> [YOUR OBJECTIVE]:
The full set of entries, reproduced exactly, is the expected answer.

Extracted records:
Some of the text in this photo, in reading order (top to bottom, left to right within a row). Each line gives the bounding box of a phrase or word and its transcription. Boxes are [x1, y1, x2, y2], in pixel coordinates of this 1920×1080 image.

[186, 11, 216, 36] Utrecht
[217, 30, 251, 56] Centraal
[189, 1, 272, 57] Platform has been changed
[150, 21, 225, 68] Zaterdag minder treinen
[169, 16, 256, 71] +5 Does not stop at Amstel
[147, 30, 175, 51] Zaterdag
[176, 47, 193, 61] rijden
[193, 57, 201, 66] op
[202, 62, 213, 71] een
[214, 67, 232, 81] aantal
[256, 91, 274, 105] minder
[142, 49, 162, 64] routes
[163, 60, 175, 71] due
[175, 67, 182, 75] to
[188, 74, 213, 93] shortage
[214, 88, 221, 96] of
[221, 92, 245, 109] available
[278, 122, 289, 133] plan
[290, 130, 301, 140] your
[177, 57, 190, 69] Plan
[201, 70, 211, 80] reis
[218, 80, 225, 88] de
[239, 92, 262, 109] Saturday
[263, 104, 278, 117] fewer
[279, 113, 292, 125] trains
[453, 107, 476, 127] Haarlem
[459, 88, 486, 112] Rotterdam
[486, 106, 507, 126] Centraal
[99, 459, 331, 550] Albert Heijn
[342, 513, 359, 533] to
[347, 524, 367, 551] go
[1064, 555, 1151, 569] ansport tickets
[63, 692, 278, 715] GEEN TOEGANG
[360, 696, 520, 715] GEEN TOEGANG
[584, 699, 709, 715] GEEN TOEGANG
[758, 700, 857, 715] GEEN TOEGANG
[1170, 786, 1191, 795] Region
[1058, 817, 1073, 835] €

> [SOLUTION BELOW]:
Some of the text in this photo, in reading order (top to bottom, left to right within a row). Each line gives the bounding box of a phrase or word and its transcription. Boxes are [x1, y1, x2, y2], in pixel coordinates of this 1920×1080 image.

[186, 11, 216, 36] Utrecht
[217, 30, 251, 56] Centraal
[189, 1, 272, 57] Platform has been changed
[150, 21, 225, 68] Zaterdag minder treinen
[169, 16, 256, 71] +5 Does not stop at Amstel
[147, 30, 175, 51] Zaterdag
[176, 47, 193, 61] rijden
[193, 57, 201, 66] op
[202, 62, 213, 71] een
[214, 67, 232, 81] aantal
[256, 91, 274, 105] minder
[142, 49, 162, 64] routes
[163, 60, 175, 71] due
[175, 67, 182, 75] to
[188, 74, 213, 93] shortage
[214, 88, 221, 96] of
[221, 92, 245, 109] available
[278, 122, 289, 133] plan
[290, 130, 301, 140] your
[177, 57, 190, 69] Plan
[201, 70, 211, 80] reis
[218, 80, 225, 88] de
[239, 92, 262, 109] Saturday
[263, 104, 278, 117] fewer
[279, 113, 292, 125] trains
[453, 107, 476, 127] Haarlem
[459, 88, 486, 112] Rotterdam
[486, 106, 507, 126] Centraal
[99, 459, 331, 550] Albert Heijn
[342, 513, 359, 533] to
[347, 524, 367, 551] go
[1064, 555, 1151, 569] ansport tickets
[63, 692, 278, 715] GEEN TOEGANG
[360, 696, 520, 715] GEEN TOEGANG
[584, 699, 709, 715] GEEN TOEGANG
[758, 700, 857, 715] GEEN TOEGANG
[1170, 786, 1191, 795] Region
[1058, 817, 1073, 835] €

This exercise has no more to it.